Don Share, Senior Editor of Poetry magazine, talks about open access publishing

Monday, October 29, 2012
3:00 PM - 4:30 PM
Event Type
Lectures/Discussions
Contact
Stephen Sturgeon
319.384-0946

To commemorate Open Access Week, Don Share, senior editor of Poetry magazine, will be delivering a talk on open access publishing platforms and contemporary humanities literature and scholarship. This event will be held at 3 pm, Monday, October 29th, in the Illinois Room of the Iowa Memorial Union. (Share will also be giving a poetry reading at Prairie Lights in the evening, at 7 pm.) Open access publishing's place in the humanities is uncertain at the moment, and knowledge of it will be important going forward in resolving inequitable relationships between presses and authors, journal vendors and libraries, and publishers and readers.

In 2002, Ruth Lilly, heiress to the Lilly pharmaceutical fortune, left Poetry magazine 100 million dollars upon her death, and among the things Poetry has done with the Lilly bequest is go open access. Each month the magazine publishes a print issue, as it has been doing for 100 years, and since 2003 it has simultaneously made each issue's contents freely available on its website (see http://www.poetryfoundation.org/poetrymagazine/). Don Share was one of the principle architects of this initiative, and he is in a unique position to discuss how literature and humanities scholarship function on an open access platform.

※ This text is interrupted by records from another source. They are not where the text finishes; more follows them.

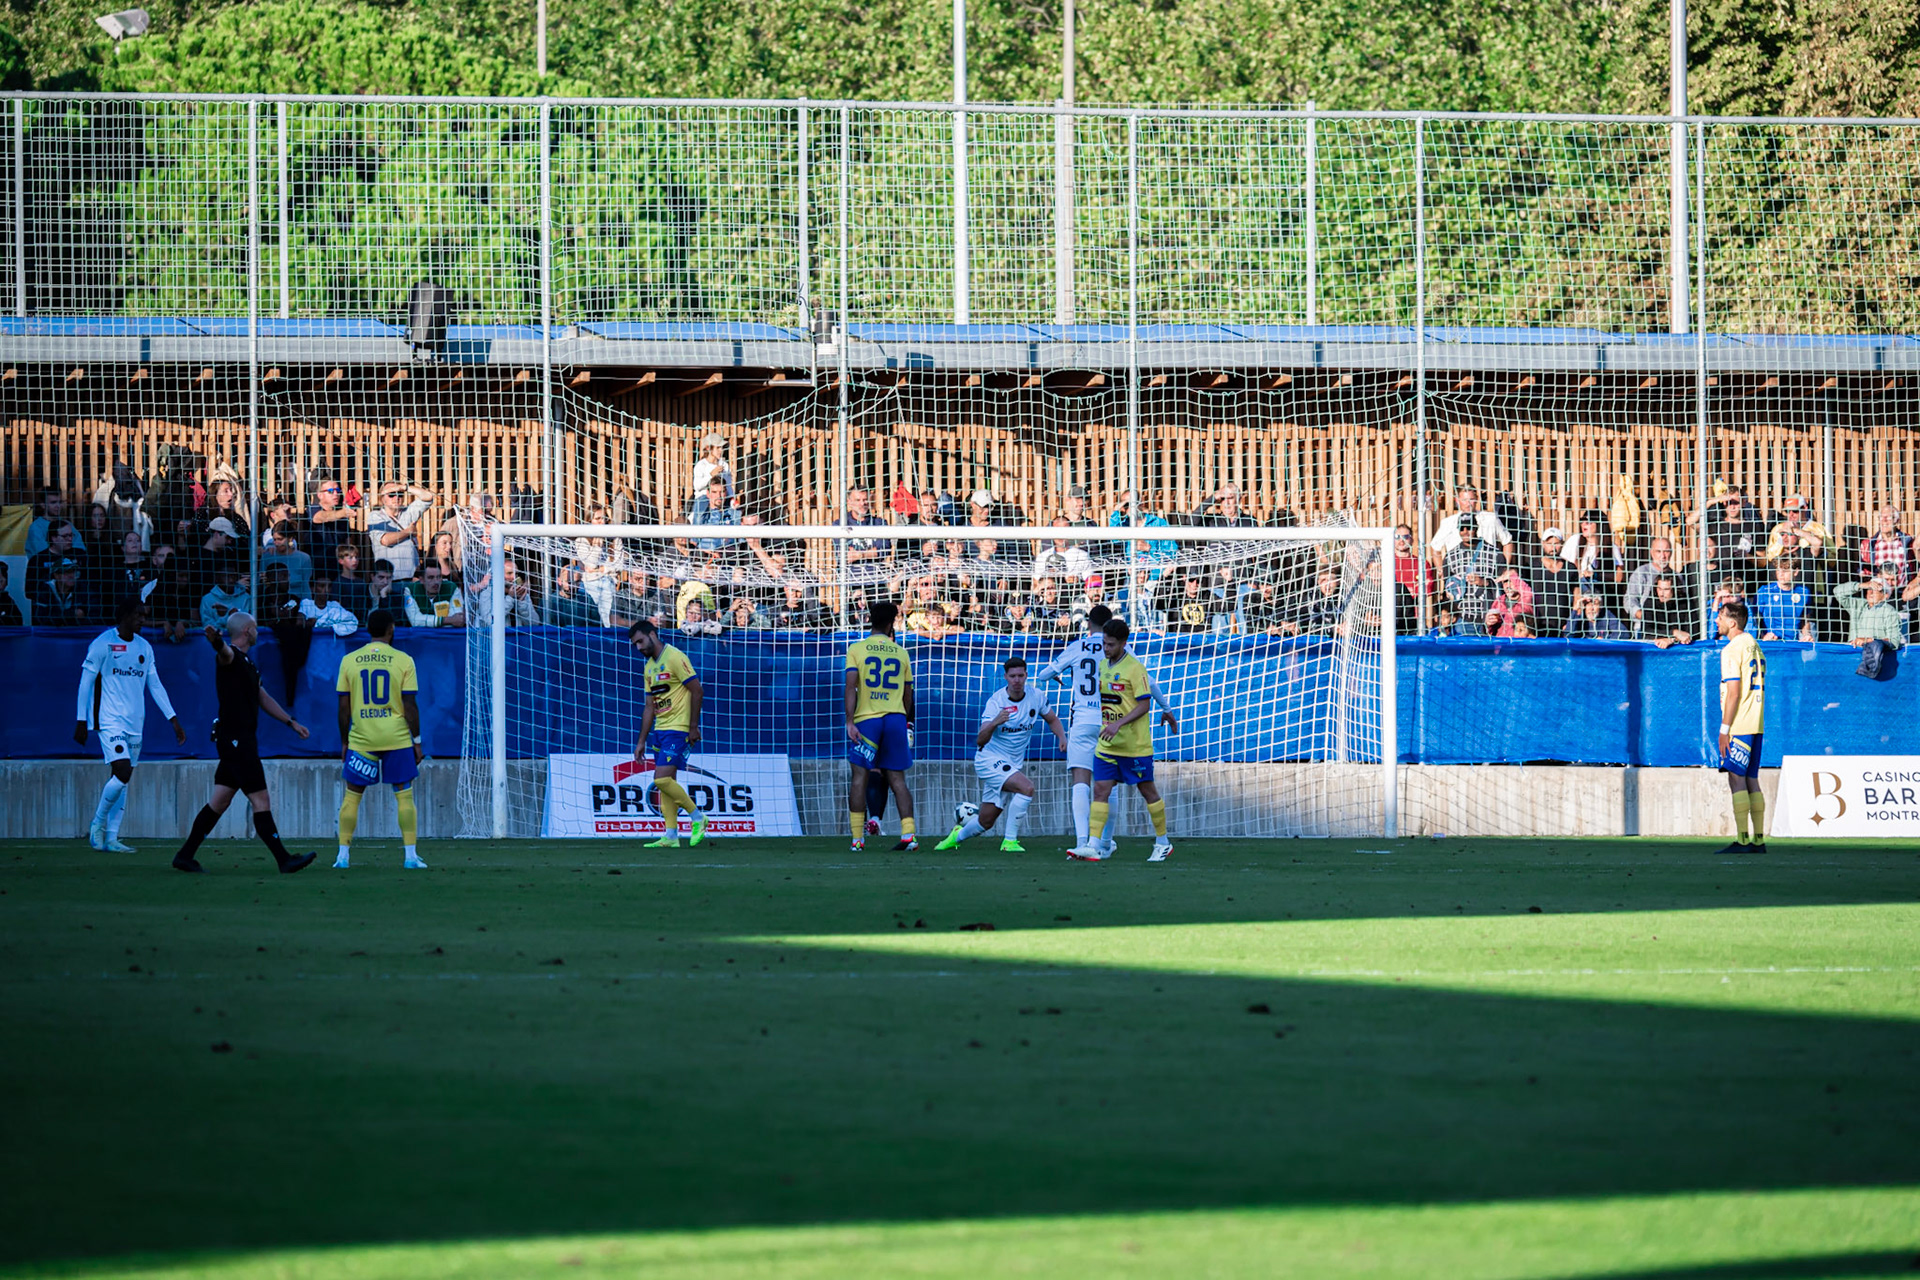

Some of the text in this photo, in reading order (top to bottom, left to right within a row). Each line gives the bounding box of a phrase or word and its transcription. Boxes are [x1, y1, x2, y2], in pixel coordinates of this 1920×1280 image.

[866, 644, 898, 653] OBRIST
[355, 653, 394, 664] OBRIST
[864, 656, 901, 690] 32
[1080, 658, 1101, 696] 3
[360, 668, 390, 705] 10
[870, 691, 889, 701] ZUVIC
[1730, 747, 1750, 768] 200
[348, 755, 378, 779] 2000
[1864, 787, 1918, 805] BAR
[1866, 810, 1920, 821] MONTR
[597, 823, 753, 831] GLOBAL EURITE

Don Share is Senior Editor of Poetry magazine. His books include Squandermania (Salt Publishing), Union (Zoo Press), Seneca in English (Penguin Classics), and most recently a new book of poems, Wishbone (Black Sparrow), and Bunting’s Persia (Flood Editions); he has also edited a critical edition of Bunting’s work for Faber and Faber. His translations of Miguel Hernández, collected in I Have Lots of Heart (Bloodaxe Books) were awarded the Times Literary Supplement Translation Prize and Premio Valle Inclán, and will appear in a revised edition from NYRB Classics. He has been Poetry Editor of Harvard Review and Partisan Review, Editor of Literary Imagination, and curator of poetry at Harvard University. With Christian Wiman, he co-hosts the monthly Poetry magazine podcast and has co-edited The Open Door: 100 Poems, 100 Years of Poetry Magazine (University of Chicago Press). For his work at Poetry he has earned two National Magazine Awards for Editorial Excellence.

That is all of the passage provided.